Tim Sherratt

Sharing recent updates and work-in-progress

Jul 2022

Catching up – some recent GLAM Workbench updates!

There’s been lots of small updates to the GLAM Workbench over the last couple of months and I’ve fallen behind in sharing details. So here’s an omnibus list of everything I can remember…

Data

  • Weekly harvests of basic Trove newspaper data continue, there’s now about three months worth. You can view a summary of the harvested data through the brand new Trove Newspaper Data Dashboard. The Dashboard is generated from a Jupyter notebook and is updated whenever there’s a new data harvest.
  • There’s also weekly harvests of files digitised by the NAA, now 16 months worth of data.
  • Updated harvest of Trove public tags (Zenodo) – includes 2,201,090 unique public tags added to 9,370,614 resources in Trove between August 2008 and July 2022.
  • I’ve started moving other pre-harvested datasets out of the GLAM Workbench code repositories, into their own data repositories.
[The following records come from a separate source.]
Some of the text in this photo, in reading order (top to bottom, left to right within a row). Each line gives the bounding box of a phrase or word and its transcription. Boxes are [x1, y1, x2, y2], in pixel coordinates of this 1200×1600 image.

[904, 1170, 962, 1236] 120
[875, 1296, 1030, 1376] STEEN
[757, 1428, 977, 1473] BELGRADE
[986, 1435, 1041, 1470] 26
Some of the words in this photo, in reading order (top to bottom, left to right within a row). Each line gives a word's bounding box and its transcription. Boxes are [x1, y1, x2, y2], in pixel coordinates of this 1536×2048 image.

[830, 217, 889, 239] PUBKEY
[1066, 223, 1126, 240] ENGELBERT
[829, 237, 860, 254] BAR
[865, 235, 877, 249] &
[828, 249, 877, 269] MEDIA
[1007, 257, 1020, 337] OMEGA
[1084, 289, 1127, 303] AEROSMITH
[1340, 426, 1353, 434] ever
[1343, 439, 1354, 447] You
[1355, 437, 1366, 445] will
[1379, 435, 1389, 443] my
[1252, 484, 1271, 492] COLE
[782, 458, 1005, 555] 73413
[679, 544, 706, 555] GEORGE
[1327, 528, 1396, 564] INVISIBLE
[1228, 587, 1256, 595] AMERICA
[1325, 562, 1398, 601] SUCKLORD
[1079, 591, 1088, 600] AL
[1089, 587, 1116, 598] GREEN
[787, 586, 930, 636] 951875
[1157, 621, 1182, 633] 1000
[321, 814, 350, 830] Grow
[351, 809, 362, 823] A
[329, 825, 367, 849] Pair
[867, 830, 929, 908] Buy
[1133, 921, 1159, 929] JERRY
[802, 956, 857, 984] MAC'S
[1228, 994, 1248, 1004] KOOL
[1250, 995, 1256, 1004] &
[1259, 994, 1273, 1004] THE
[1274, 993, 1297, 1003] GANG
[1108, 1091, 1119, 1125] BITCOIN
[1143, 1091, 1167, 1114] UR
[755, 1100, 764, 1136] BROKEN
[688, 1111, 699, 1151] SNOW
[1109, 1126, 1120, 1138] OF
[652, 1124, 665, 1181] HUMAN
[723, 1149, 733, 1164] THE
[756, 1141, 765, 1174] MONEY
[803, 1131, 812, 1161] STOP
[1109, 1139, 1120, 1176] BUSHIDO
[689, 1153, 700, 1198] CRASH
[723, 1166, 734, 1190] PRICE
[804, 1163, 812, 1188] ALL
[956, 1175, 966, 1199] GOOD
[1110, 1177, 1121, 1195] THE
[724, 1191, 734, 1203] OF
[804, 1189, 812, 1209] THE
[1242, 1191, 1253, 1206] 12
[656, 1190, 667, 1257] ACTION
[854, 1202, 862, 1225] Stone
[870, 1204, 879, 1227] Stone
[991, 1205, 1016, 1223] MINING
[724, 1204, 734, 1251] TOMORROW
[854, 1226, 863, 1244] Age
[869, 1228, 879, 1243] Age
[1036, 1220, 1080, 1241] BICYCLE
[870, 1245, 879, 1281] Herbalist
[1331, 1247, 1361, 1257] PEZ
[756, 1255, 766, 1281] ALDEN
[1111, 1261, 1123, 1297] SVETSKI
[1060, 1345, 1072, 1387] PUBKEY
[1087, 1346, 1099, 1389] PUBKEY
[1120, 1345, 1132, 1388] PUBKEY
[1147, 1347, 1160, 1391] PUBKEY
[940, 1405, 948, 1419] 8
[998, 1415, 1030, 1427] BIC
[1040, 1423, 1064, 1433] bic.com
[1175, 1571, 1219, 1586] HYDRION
This means better versioning and citability. The first example is the list of Trove newspapers with articles post the 1955 copyright cliff of death – here’s the GH repo, and the Zenodo record.
  • To bring together datasets that provide historical data about Trove itself, I’ve created a Trove historical data community on Zenodo. Anyone’s welcome to contribute. There’s much more to come.
Tag cloud showing the frequency of the two hundred most commonly-used tags in Trove.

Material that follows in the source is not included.